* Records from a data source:

= Beginning of Section =

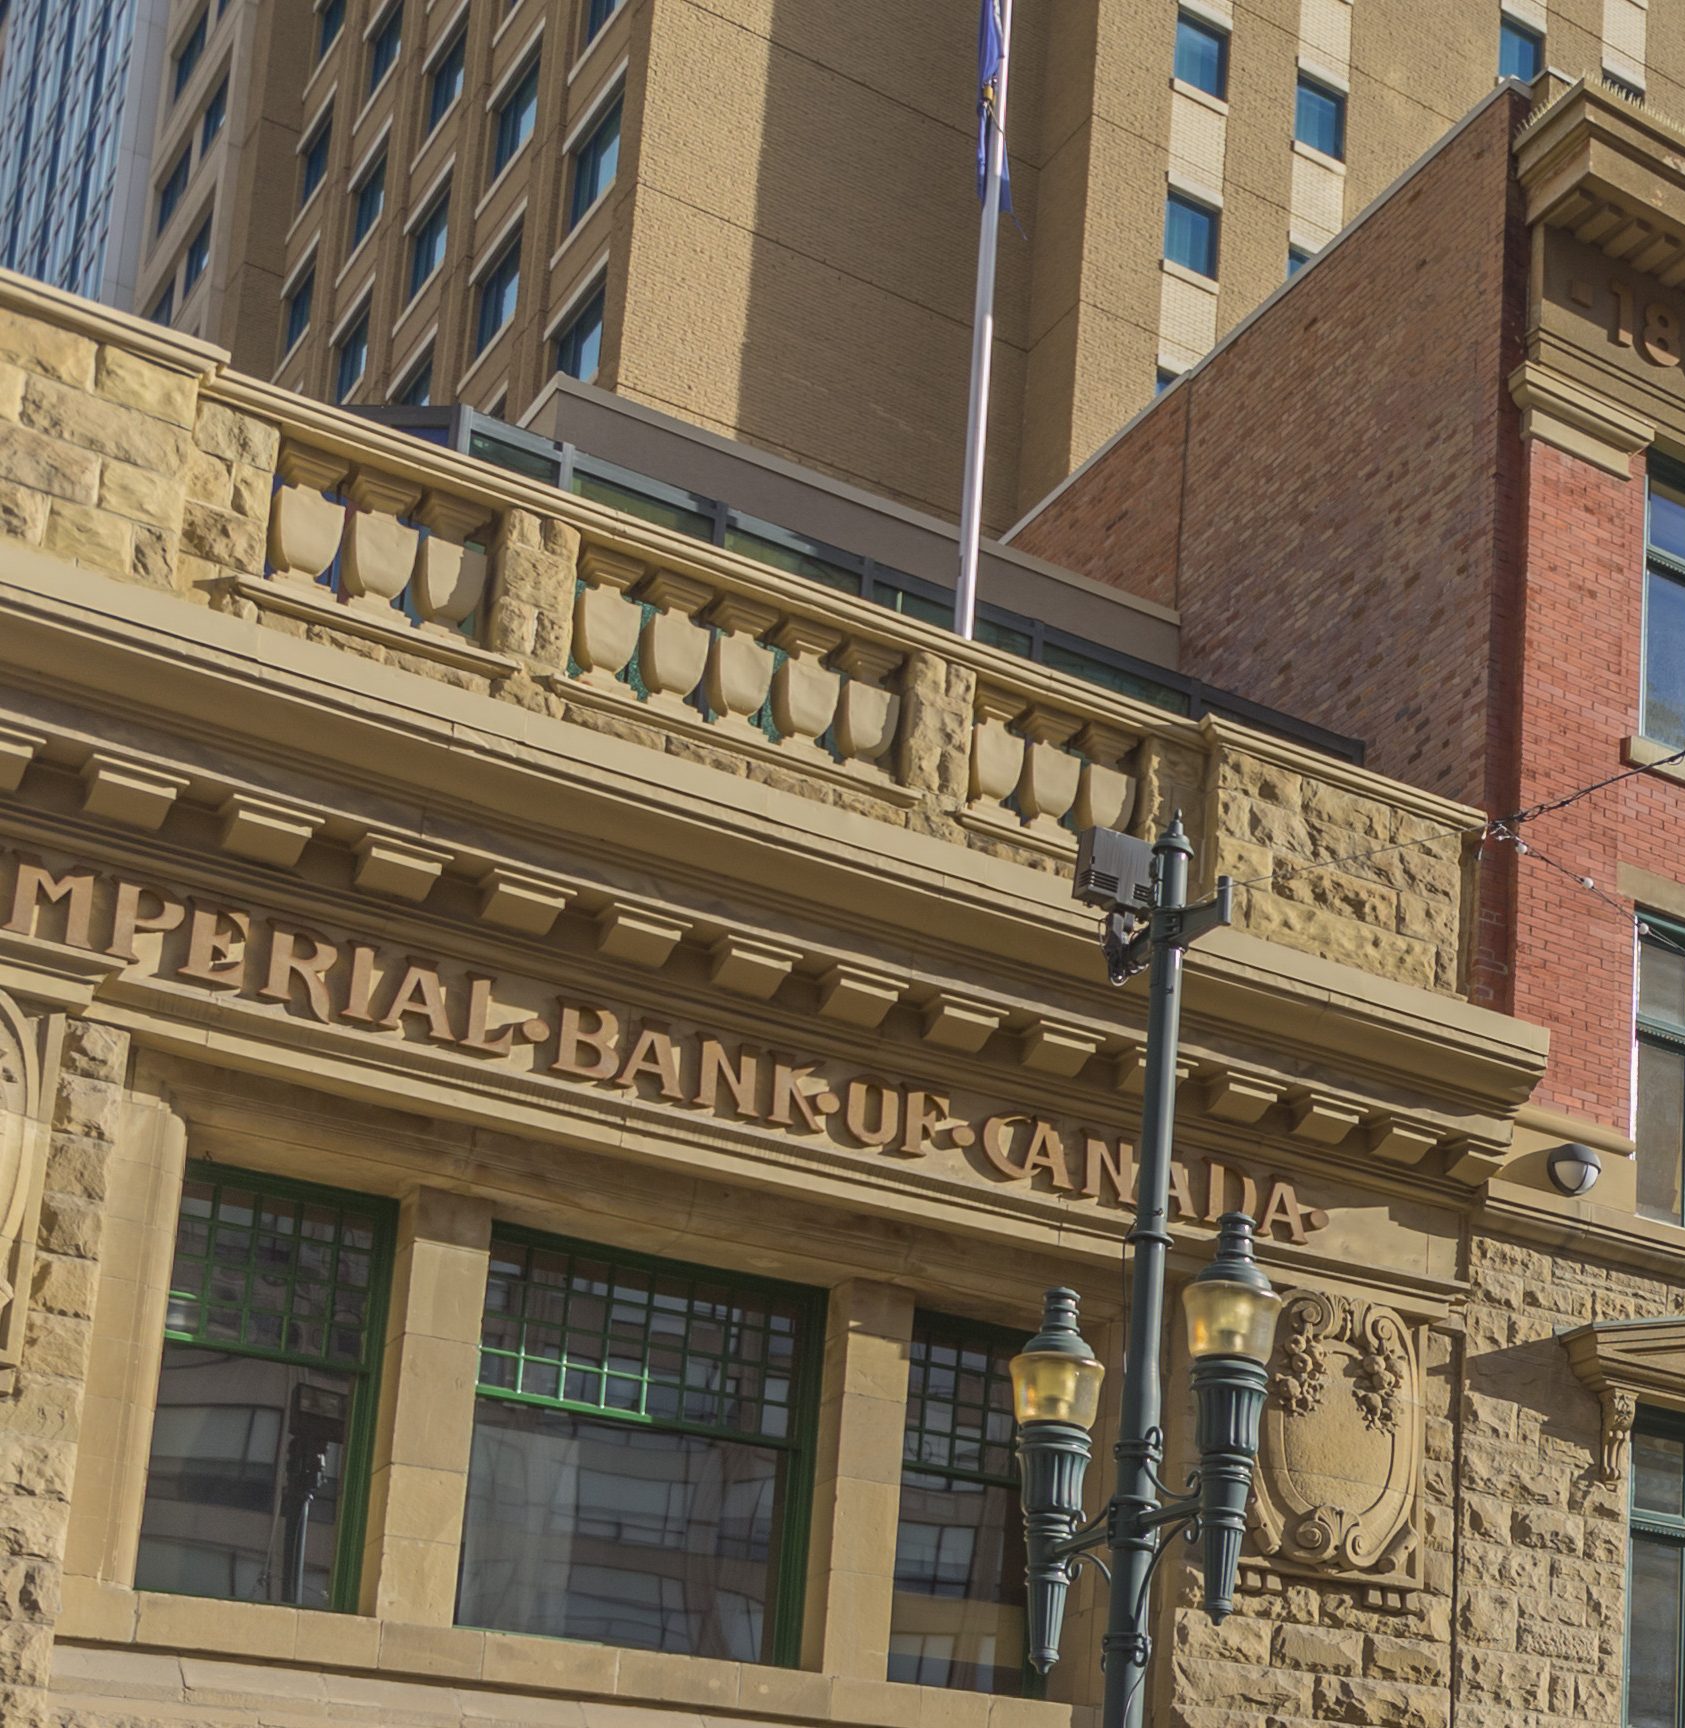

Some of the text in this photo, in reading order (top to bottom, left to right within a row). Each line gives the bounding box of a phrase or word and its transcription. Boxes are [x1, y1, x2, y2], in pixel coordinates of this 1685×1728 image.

[1, 848, 1308, 1246] MPERIAL BANK OF CANADA
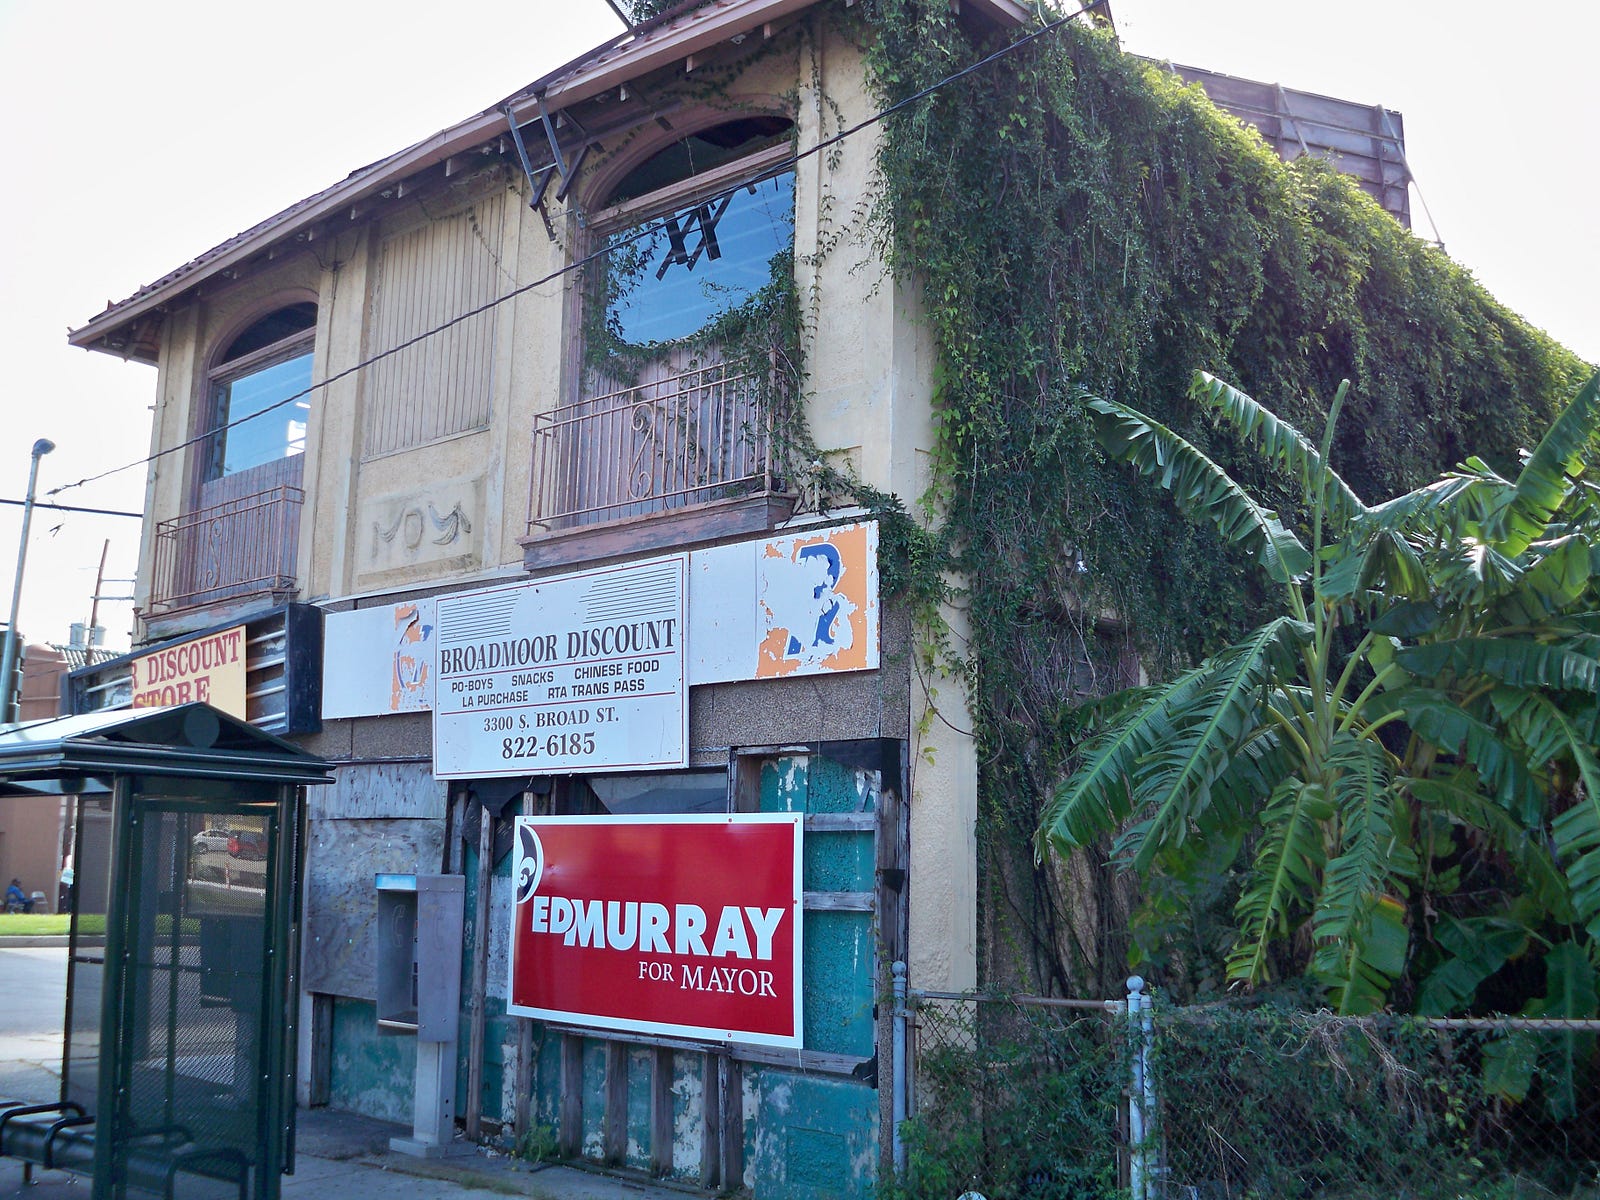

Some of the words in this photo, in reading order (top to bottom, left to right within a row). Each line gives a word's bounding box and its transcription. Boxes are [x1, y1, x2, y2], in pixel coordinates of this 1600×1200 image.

[147, 630, 241, 685] DISCOUNT
[440, 634, 558, 675] BROADMOOR
[567, 618, 676, 659] DISCOUNT
[132, 676, 211, 708] STORE
[451, 678, 494, 693] PO-BOYS
[511, 671, 554, 687] SNACKS
[574, 663, 623, 680] CHINESE
[627, 659, 660, 675] FOOD
[462, 697, 475, 708] LA
[477, 690, 529, 706] PURCHASE
[547, 686, 567, 700] RTA
[572, 682, 609, 696] TRANS
[614, 678, 645, 693] PASS
[483, 715, 513, 732] 3300
[518, 713, 530, 729] S.
[536, 709, 590, 728] BROAD
[595, 706, 619, 723] ST.
[502, 731, 596, 760] 822-6185
[638, 961, 674, 982] FOR
[680, 964, 777, 998] MAYOR

= End of Section =

* Work task: Exact copy, no pictures: reproduce every record above.

* Task response:
Some of the text in this photo, in reading order (top to bottom, left to right within a row). Each line gives the bounding box of a phrase or word and its transcription. Boxes are [x1, y1, x2, y2], in pixel coordinates of this 1685×1728 image.

[1, 848, 1308, 1246] MPERIAL BANK OF CANADA

Some of the words in this photo, in reading order (top to bottom, left to right within a row). Each line gives a word's bounding box and its transcription. Boxes are [x1, y1, x2, y2], in pixel coordinates of this 1600×1200 image.

[147, 630, 241, 685] DISCOUNT
[440, 634, 558, 675] BROADMOOR
[567, 618, 676, 659] DISCOUNT
[132, 676, 211, 708] STORE
[451, 678, 494, 693] PO-BOYS
[511, 671, 554, 687] SNACKS
[574, 663, 623, 680] CHINESE
[627, 659, 660, 675] FOOD
[462, 697, 475, 708] LA
[477, 690, 529, 706] PURCHASE
[547, 686, 567, 700] RTA
[572, 682, 609, 696] TRANS
[614, 678, 645, 693] PASS
[483, 715, 513, 732] 3300
[518, 713, 530, 729] S.
[536, 709, 590, 728] BROAD
[595, 706, 619, 723] ST.
[502, 731, 596, 760] 822-6185
[638, 961, 674, 982] FOR
[680, 964, 777, 998] MAYOR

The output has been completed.